Biohistorical approaches to “race” in the United States: Biological distances among African Americans, European Americans, and their ancestors

Posted in Anthropology, Articles, Media Archive, United States on 2011-04-26 22:11Z by Steven

Biohistorical approaches to “race” in the United States: Biological distances among African Americans, European Americans, and their ancestors

American Journal of Physical Anthropology
Special Issue: Race Reconciled: How Biological Anthropologists View Human Variation
Volume 139, Issue 1 (May 2009)
pages 58-67
DOI: 10.1002/ajpa.20961

Heather J.H. Edgar, Research Assistant Professor of Anthropology and Curator of Human Osteology, Maxwell Museum of Anthropology
University of New Mexico, Albuquerque

Author’s: Note: This study explores the effects of cultural concepts of race on changes in subpopulations in the United States. While some aspects of biology may correlate with cultural constructions of race, use of the term “race” here does not imply its biological validity under any definition. When not otherwise indicated, the words “race” or “racial” are used in this article to describe social categories.
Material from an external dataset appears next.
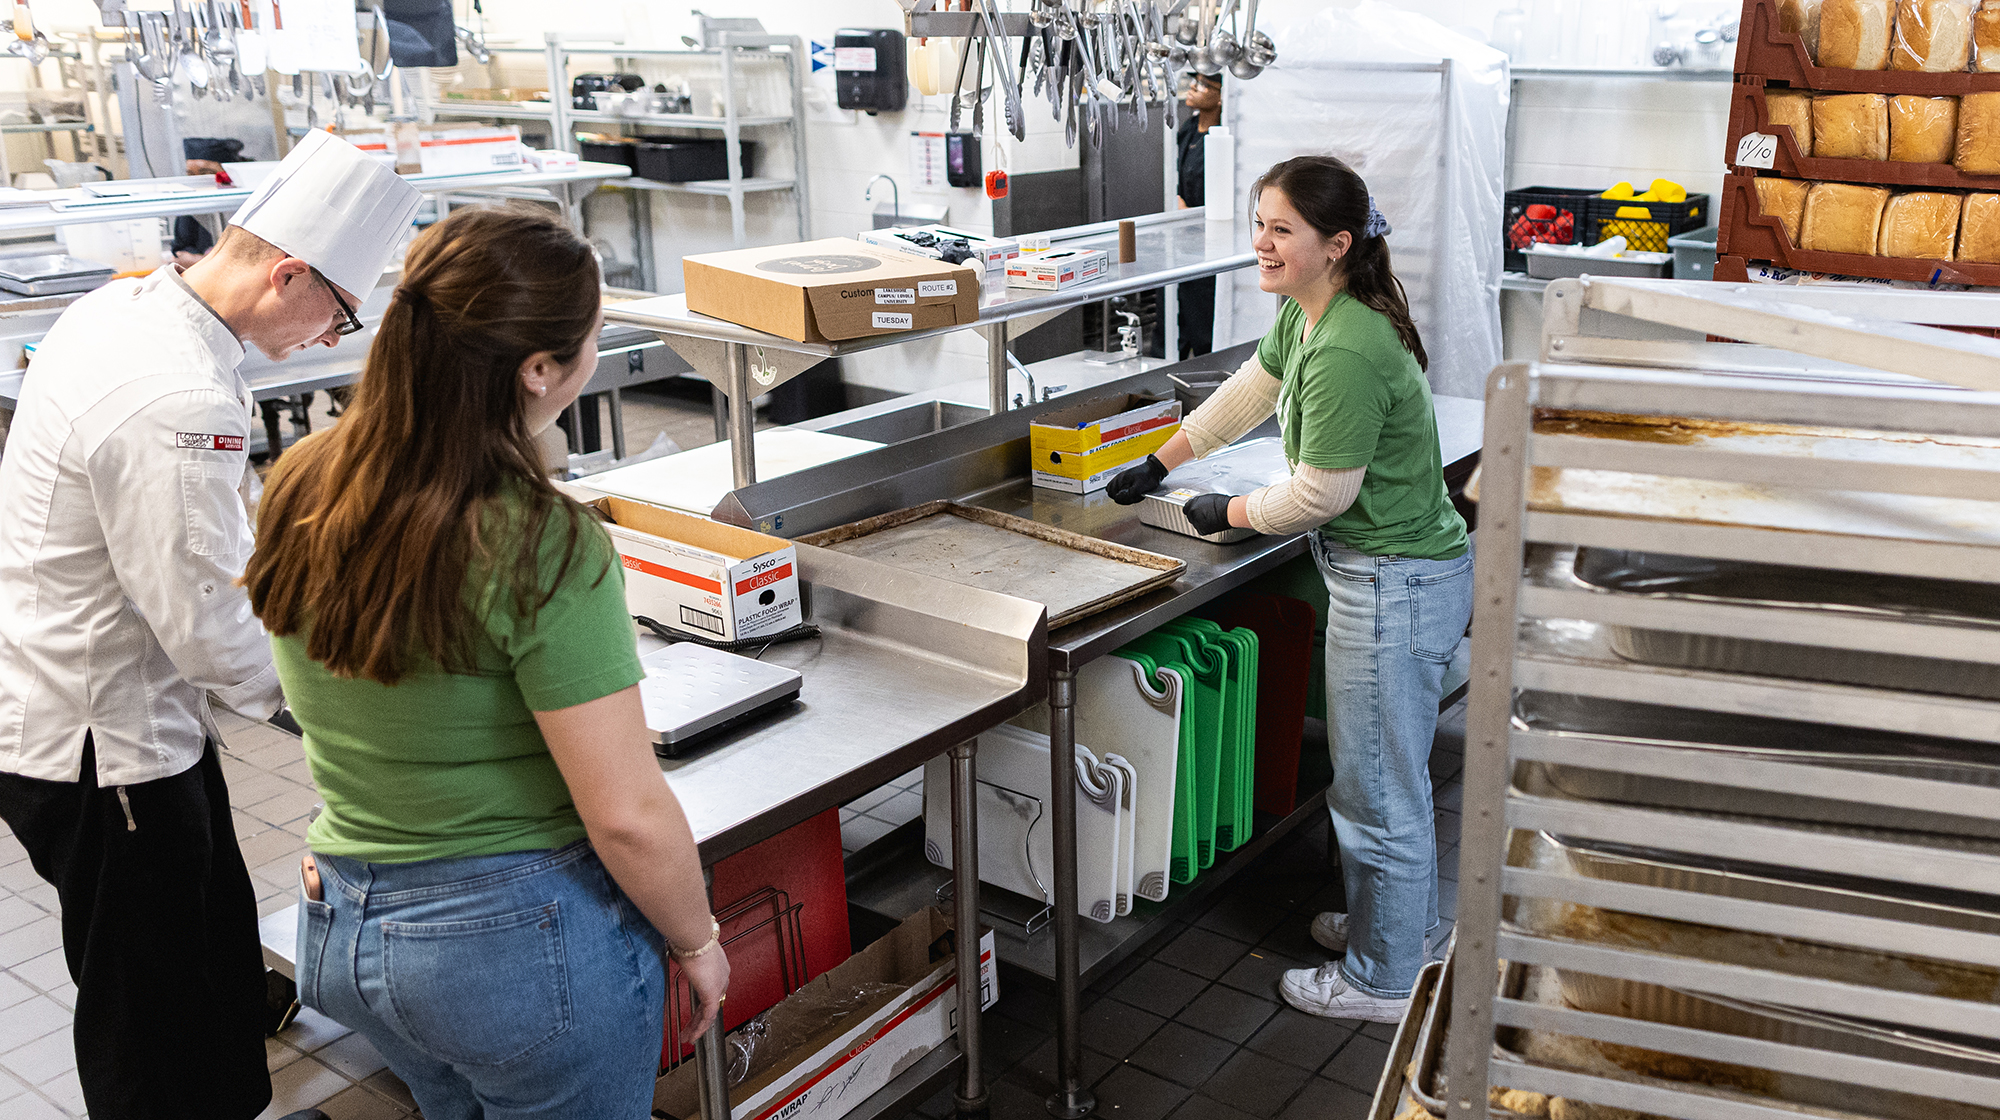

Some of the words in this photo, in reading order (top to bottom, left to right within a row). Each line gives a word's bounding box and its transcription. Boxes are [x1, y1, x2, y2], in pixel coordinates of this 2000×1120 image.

Folk taxonomies of race are the categorizations used by people in their everyday judgments concerning the persons around them. As cultural traditions, folk taxonomies may shape gene flow so that it is unequal among groups sharing geography. The history of the United States is one of disparate people being brought together from around the globe, and provides a natural experiment for exploring the relationship between culture and gene flow. The biohistories of African Americans and European Americans were compared to examine whether population histories are shaped by culture when geography and language are shared. Dental morphological data were used to indicate phenotypic similarity, allowing diachronic change through United States history to be considered. Samples represented contemporary and historic African Americans and European Americans and their West African and European ancestral populations (N = 1445). Modified Mahalanobis’ D2 and Mean Measure of Divergence statistics examined how biological distances change through time among the samples. Results suggest the social acceptance for mating between descendents of Western Europeans and Eastern and Southern European migrants to the United States produced relatively rapid gene flow between the groups. Although African Americans have been in the United States much longer than most Eastern and Southern Europeans, social barriers have been historically stronger between them and European Americans. These results indicate that gene flow is in part shaped by cultural factors such as folk taxonomies of race, and have implications for understanding contemporary human variation, relationships among prehistoric populations, and forensic anthropology.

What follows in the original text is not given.